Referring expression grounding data

────────────────────

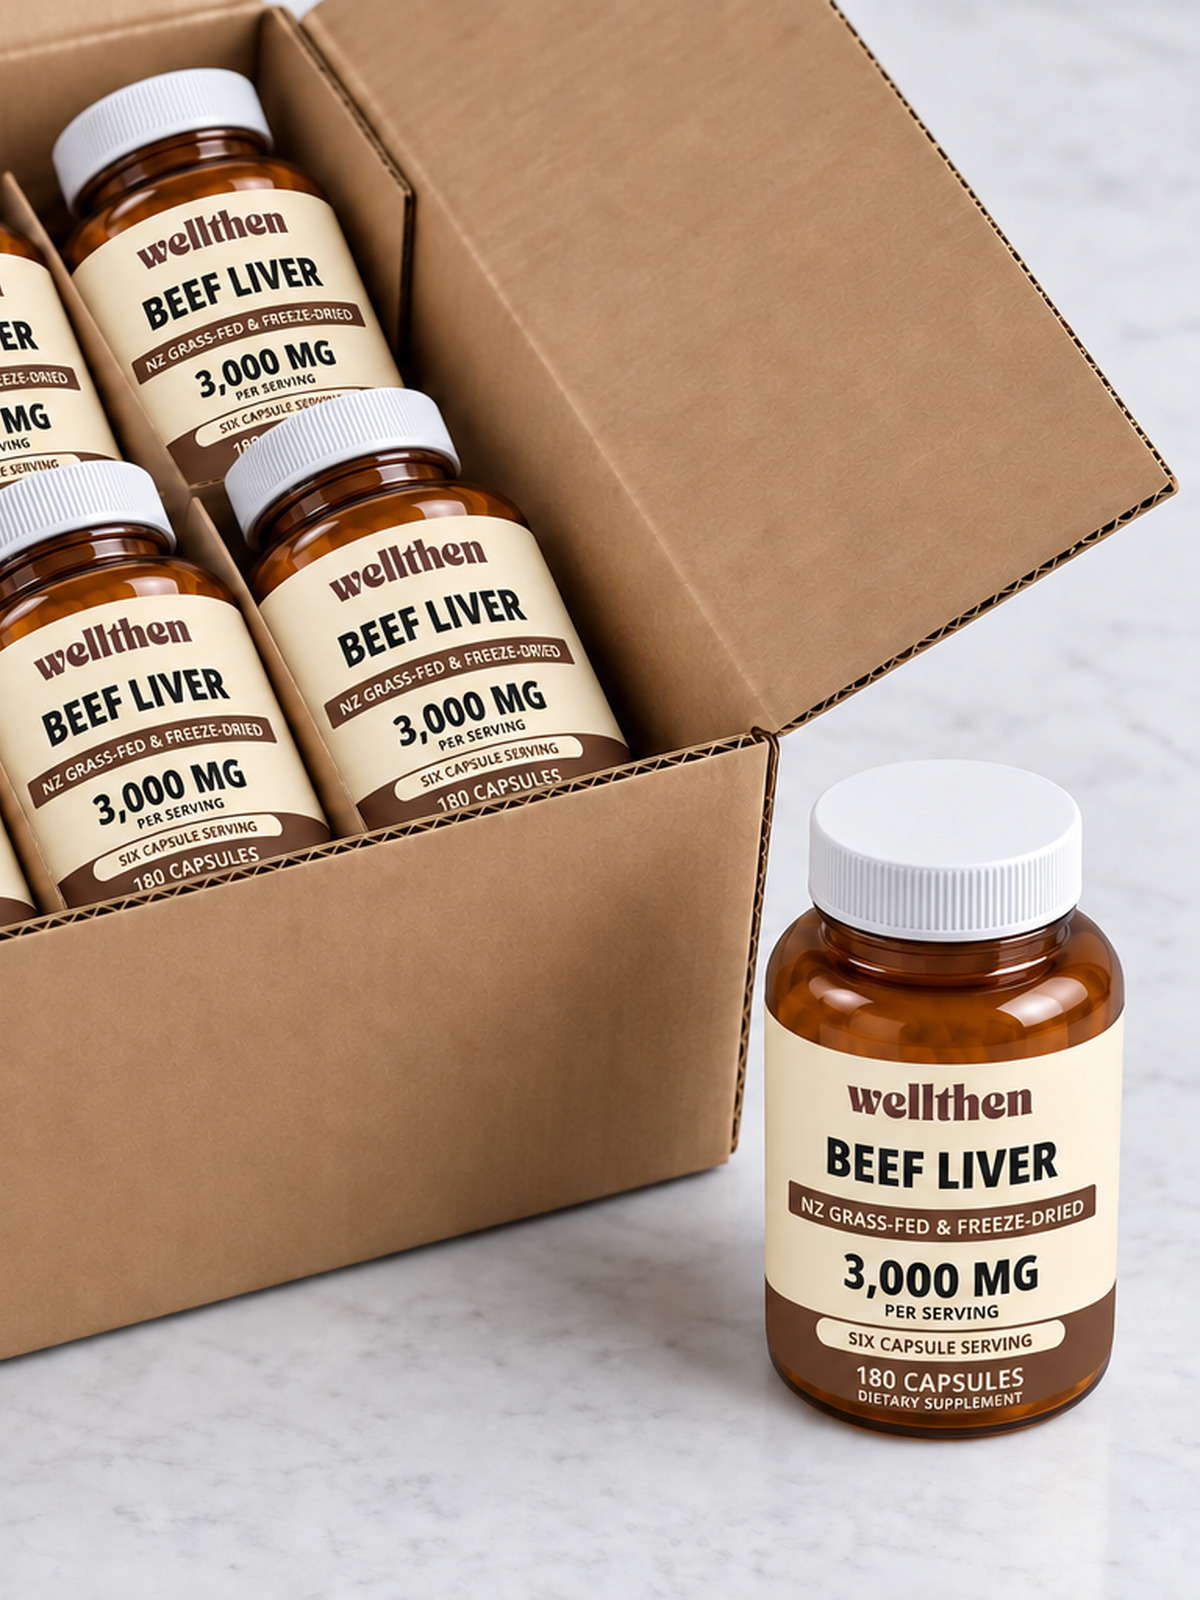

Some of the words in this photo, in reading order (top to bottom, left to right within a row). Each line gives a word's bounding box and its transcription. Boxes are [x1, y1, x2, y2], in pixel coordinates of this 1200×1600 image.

[137, 210, 288, 269] wellthen
[142, 272, 220, 330] BEEF
[227, 258, 323, 297] LIVER
[146, 354, 166, 372] NZ
[168, 323, 244, 360] GRASS-FED
[248, 319, 259, 330] &
[262, 308, 352, 326] FREEZE-DRIED
[195, 349, 279, 398] 3,000
[284, 340, 336, 370] MG
[236, 386, 260, 400] PER
[0, 404, 51, 434] MG
[220, 418, 240, 434] SIX
[329, 539, 488, 602] wellthen
[34, 618, 192, 680] wellthen
[338, 606, 419, 668] BEEF
[425, 590, 527, 633] LIVER
[340, 694, 362, 715] NZ
[364, 661, 444, 701] GRASS-FED
[449, 656, 462, 669] &
[42, 685, 122, 747] BEEF
[128, 669, 230, 712] LIVER
[393, 692, 485, 746] 3,000
[490, 681, 546, 715] MG
[439, 735, 464, 750] PER
[467, 719, 525, 742] SERVING
[42, 774, 63, 795] NZ
[66, 740, 146, 780] GRASS-FED
[150, 735, 163, 748] &
[165, 723, 262, 744] FREEZE-DRIED
[420, 770, 443, 787] SIX
[445, 752, 502, 777] CAPSULE
[504, 743, 558, 761] SERVING
[93, 770, 184, 825] 3,000
[190, 760, 246, 793] MG
[438, 790, 469, 811] 180
[474, 768, 562, 800] CAPSULES
[137, 812, 163, 829] PER
[165, 798, 224, 820] SERVING
[119, 849, 140, 866] SIX
[143, 830, 200, 856] CAPSULE
[202, 821, 257, 839] SERVING
[134, 869, 164, 891] 180
[170, 847, 259, 878] CAPSULES
[848, 1084, 1032, 1121] wellthen
[828, 1137, 924, 1188] BEEF
[939, 1142, 1058, 1189] LIVER
[802, 1197, 824, 1218] NZ
[830, 1206, 929, 1234] GRASS-FED
[937, 1220, 950, 1234] &
[958, 1200, 1084, 1234] FREEZE-DRIED
[844, 1254, 958, 1298] 3,000
[974, 1255, 1038, 1297] MG
[886, 1304, 916, 1320] PER
[923, 1305, 998, 1320] SERVING
[849, 1332, 874, 1348] SIX
[880, 1337, 955, 1354] CAPSULE
[961, 1334, 1032, 1354] SERVING
[858, 1366, 895, 1389] 180
[904, 1368, 1023, 1392] CAPSULES
[859, 1390, 920, 1408] DIETARY
[925, 1392, 1022, 1410] SUPPLEMENT

────────────────────

- What you have to do: Write every entry again exactly as given, skipping the pictures.

- Answer for the task:
Some of the words in this photo, in reading order (top to bottom, left to right within a row). Each line gives a word's bounding box and its transcription. Boxes are [x1, y1, x2, y2], in pixel coordinates of this 1200×1600 image.

[137, 210, 288, 269] wellthen
[142, 272, 220, 330] BEEF
[227, 258, 323, 297] LIVER
[146, 354, 166, 372] NZ
[168, 323, 244, 360] GRASS-FED
[248, 319, 259, 330] &
[262, 308, 352, 326] FREEZE-DRIED
[195, 349, 279, 398] 3,000
[284, 340, 336, 370] MG
[236, 386, 260, 400] PER
[0, 404, 51, 434] MG
[220, 418, 240, 434] SIX
[329, 539, 488, 602] wellthen
[34, 618, 192, 680] wellthen
[338, 606, 419, 668] BEEF
[425, 590, 527, 633] LIVER
[340, 694, 362, 715] NZ
[364, 661, 444, 701] GRASS-FED
[449, 656, 462, 669] &
[42, 685, 122, 747] BEEF
[128, 669, 230, 712] LIVER
[393, 692, 485, 746] 3,000
[490, 681, 546, 715] MG
[439, 735, 464, 750] PER
[467, 719, 525, 742] SERVING
[42, 774, 63, 795] NZ
[66, 740, 146, 780] GRASS-FED
[150, 735, 163, 748] &
[165, 723, 262, 744] FREEZE-DRIED
[420, 770, 443, 787] SIX
[445, 752, 502, 777] CAPSULE
[504, 743, 558, 761] SERVING
[93, 770, 184, 825] 3,000
[190, 760, 246, 793] MG
[438, 790, 469, 811] 180
[474, 768, 562, 800] CAPSULES
[137, 812, 163, 829] PER
[165, 798, 224, 820] SERVING
[119, 849, 140, 866] SIX
[143, 830, 200, 856] CAPSULE
[202, 821, 257, 839] SERVING
[134, 869, 164, 891] 180
[170, 847, 259, 878] CAPSULES
[848, 1084, 1032, 1121] wellthen
[828, 1137, 924, 1188] BEEF
[939, 1142, 1058, 1189] LIVER
[802, 1197, 824, 1218] NZ
[830, 1206, 929, 1234] GRASS-FED
[937, 1220, 950, 1234] &
[958, 1200, 1084, 1234] FREEZE-DRIED
[844, 1254, 958, 1298] 3,000
[974, 1255, 1038, 1297] MG
[886, 1304, 916, 1320] PER
[923, 1305, 998, 1320] SERVING
[849, 1332, 874, 1348] SIX
[880, 1337, 955, 1354] CAPSULE
[961, 1334, 1032, 1354] SERVING
[858, 1366, 895, 1389] 180
[904, 1368, 1023, 1392] CAPSULES
[859, 1390, 920, 1408] DIETARY
[925, 1392, 1022, 1410] SUPPLEMENT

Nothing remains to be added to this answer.